_Task statement_
Apart from the images, every record below must be given again without alteration.

_Provided entries_
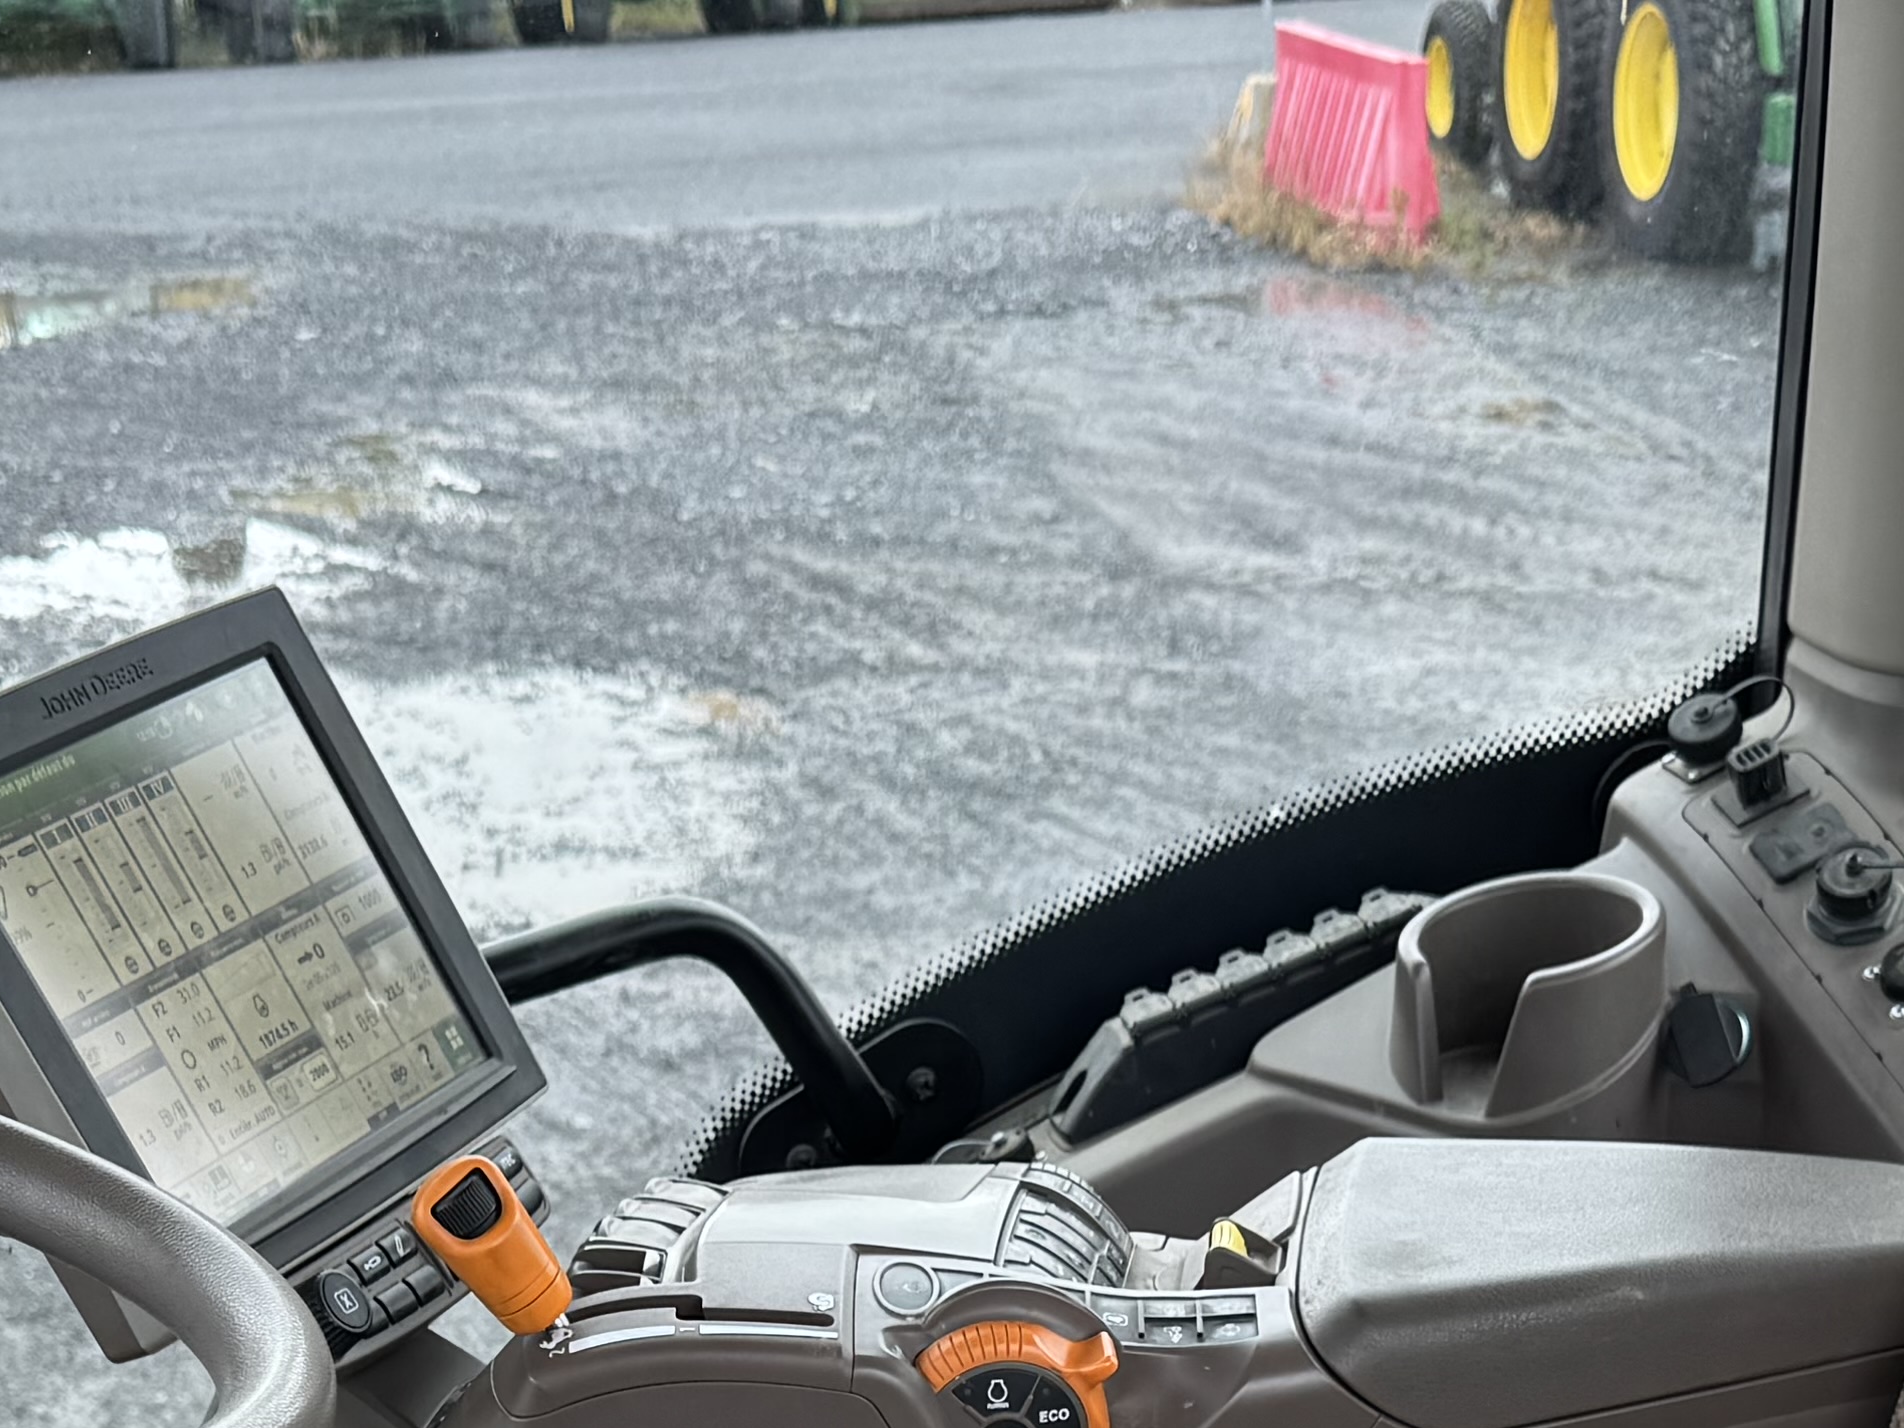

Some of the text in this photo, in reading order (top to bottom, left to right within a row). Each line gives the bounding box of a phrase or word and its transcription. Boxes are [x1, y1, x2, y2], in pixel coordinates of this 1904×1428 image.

[42, 658, 154, 719] JOHN DEERE
[14, 771, 32, 793] par
[152, 1002, 168, 1019] F2
[166, 1009, 215, 1043] F1 11.2
[207, 1036, 228, 1052] MPH
[335, 1031, 356, 1051] 15.1
[194, 1056, 244, 1092] R1 11.2
[209, 1080, 257, 1117] R2 18.6
[254, 1105, 276, 1125] AUTO
[1039, 1408, 1070, 1423] ECO

_Final answer_
Some of the text in this photo, in reading order (top to bottom, left to right within a row). Each line gives the bounding box of a phrase or word and its transcription. Boxes are [x1, y1, x2, y2], in pixel coordinates of this 1904×1428 image.

[42, 658, 154, 719] JOHN DEERE
[14, 771, 32, 793] par
[152, 1002, 168, 1019] F2
[166, 1009, 215, 1043] F1 11.2
[207, 1036, 228, 1052] MPH
[335, 1031, 356, 1051] 15.1
[194, 1056, 244, 1092] R1 11.2
[209, 1080, 257, 1117] R2 18.6
[254, 1105, 276, 1125] AUTO
[1039, 1408, 1070, 1423] ECO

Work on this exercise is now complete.